Action item: Each record below is to be retyped exactly, with its pictures omitted.
─── Data records ───
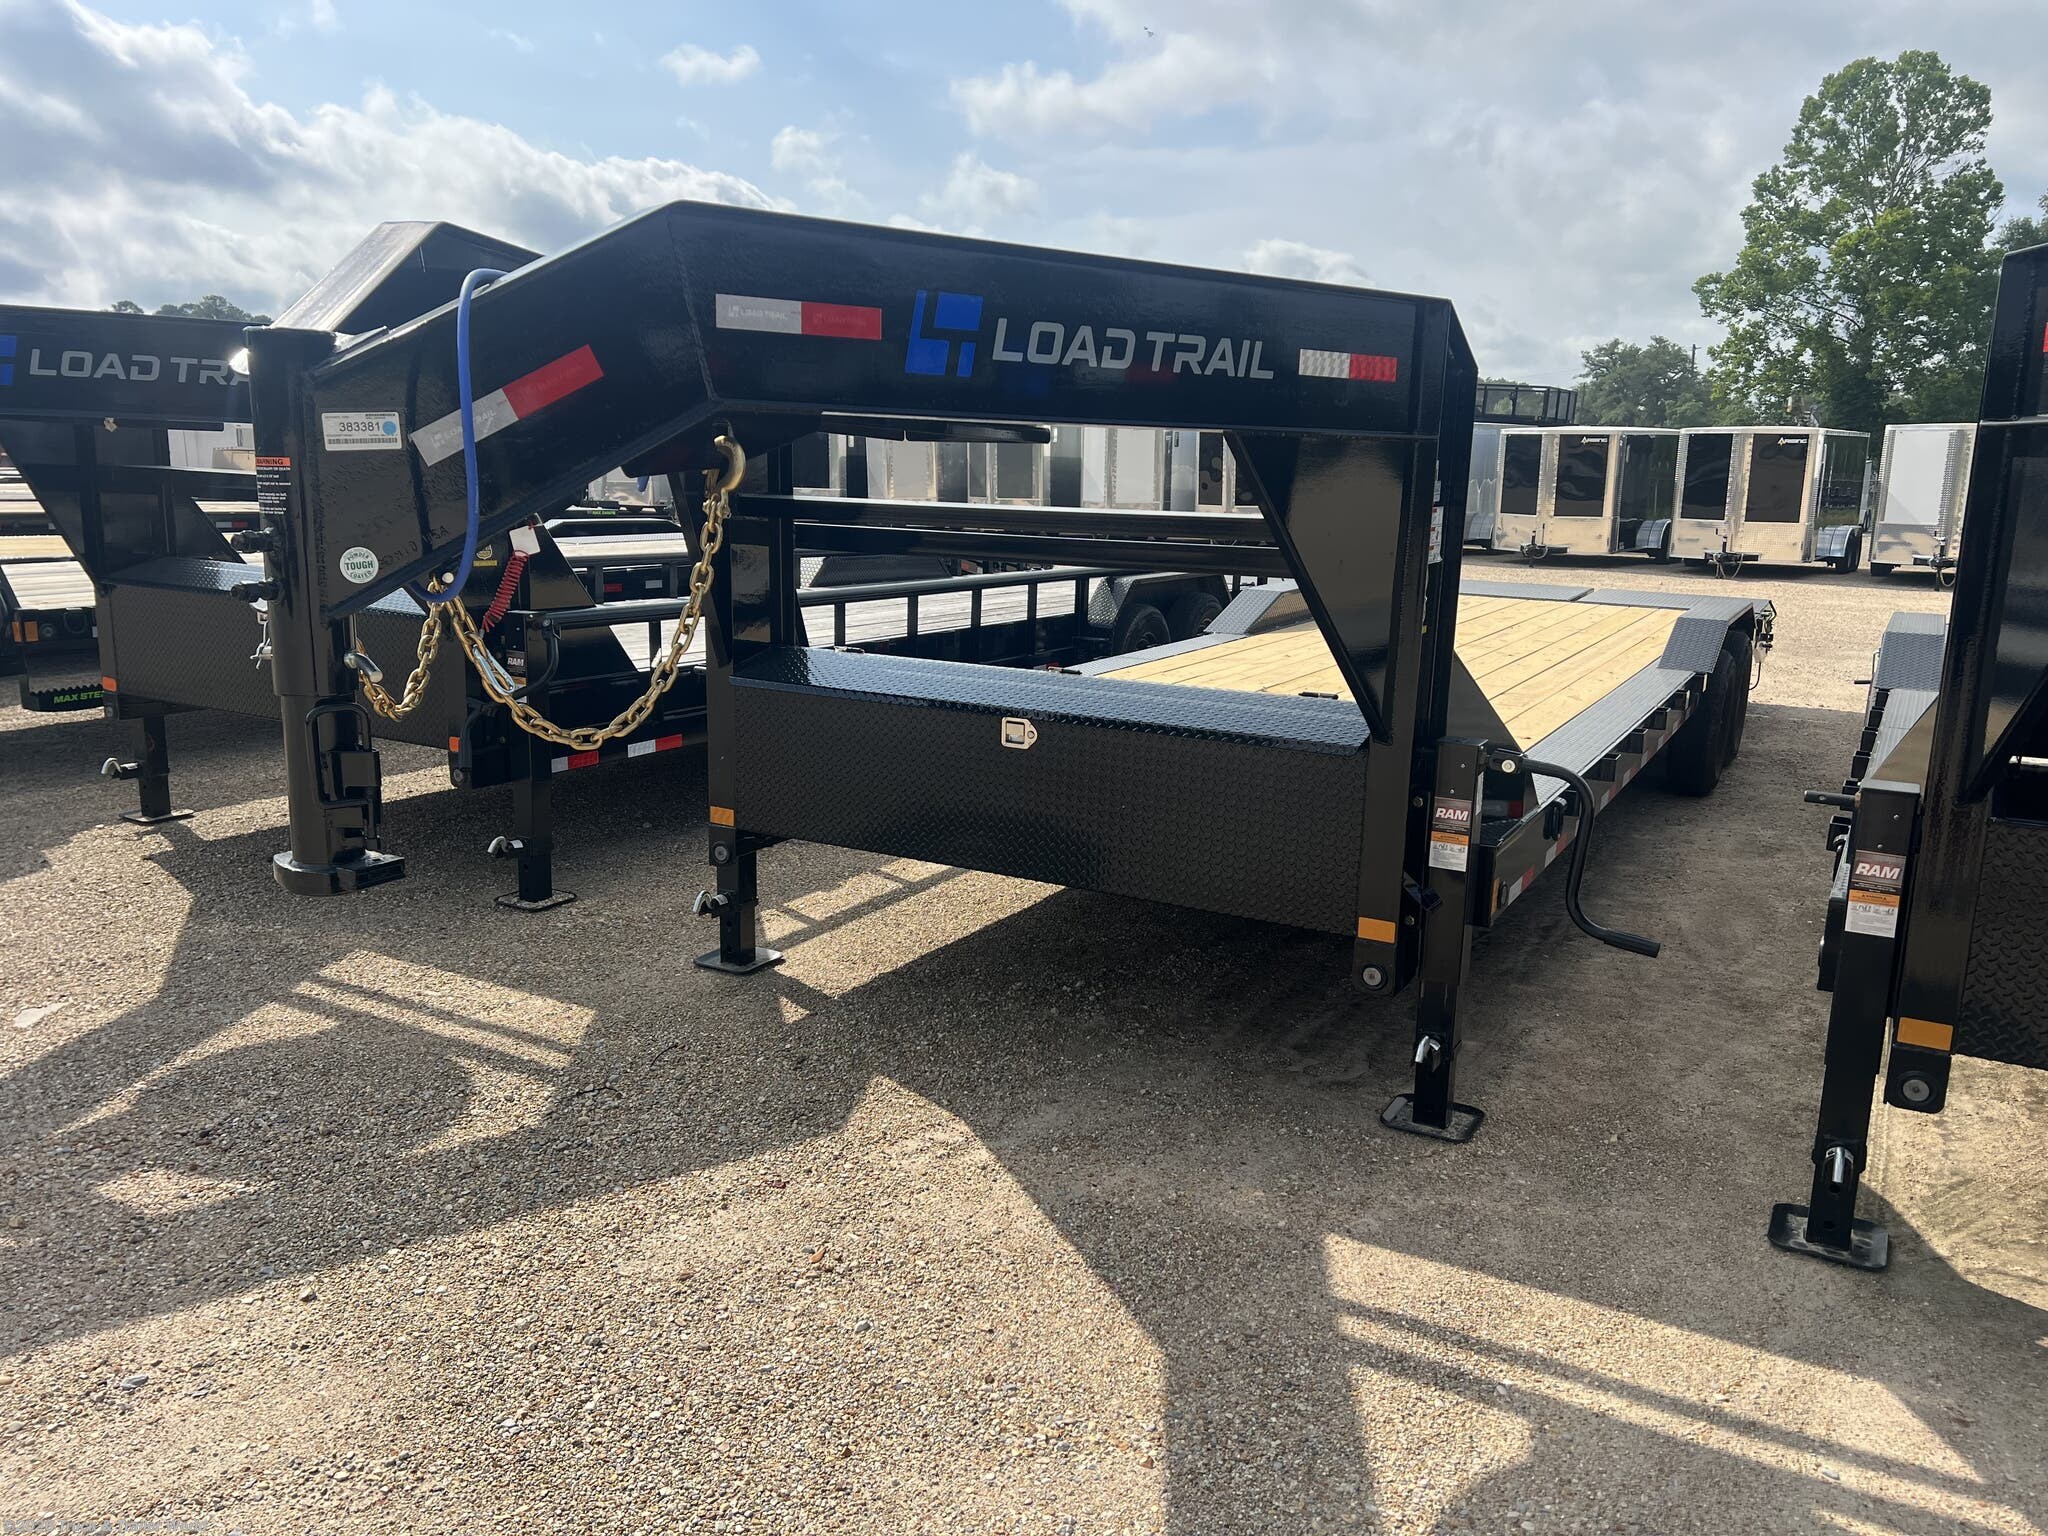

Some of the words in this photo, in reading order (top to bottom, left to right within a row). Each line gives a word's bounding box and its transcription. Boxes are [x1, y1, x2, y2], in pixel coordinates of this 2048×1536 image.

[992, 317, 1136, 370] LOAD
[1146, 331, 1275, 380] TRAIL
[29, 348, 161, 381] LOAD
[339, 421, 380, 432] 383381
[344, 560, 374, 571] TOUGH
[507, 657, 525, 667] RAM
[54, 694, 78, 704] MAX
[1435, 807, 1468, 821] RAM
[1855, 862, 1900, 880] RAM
───
Answer to the exercise:
Some of the words in this photo, in reading order (top to bottom, left to right within a row). Each line gives a word's bounding box and its transcription. Boxes are [x1, y1, x2, y2], in pixel coordinates of this 2048×1536 image.

[992, 317, 1136, 370] LOAD
[1146, 331, 1275, 380] TRAIL
[29, 348, 161, 381] LOAD
[339, 421, 380, 432] 383381
[344, 560, 374, 571] TOUGH
[507, 657, 525, 667] RAM
[54, 694, 78, 704] MAX
[1435, 807, 1468, 821] RAM
[1855, 862, 1900, 880] RAM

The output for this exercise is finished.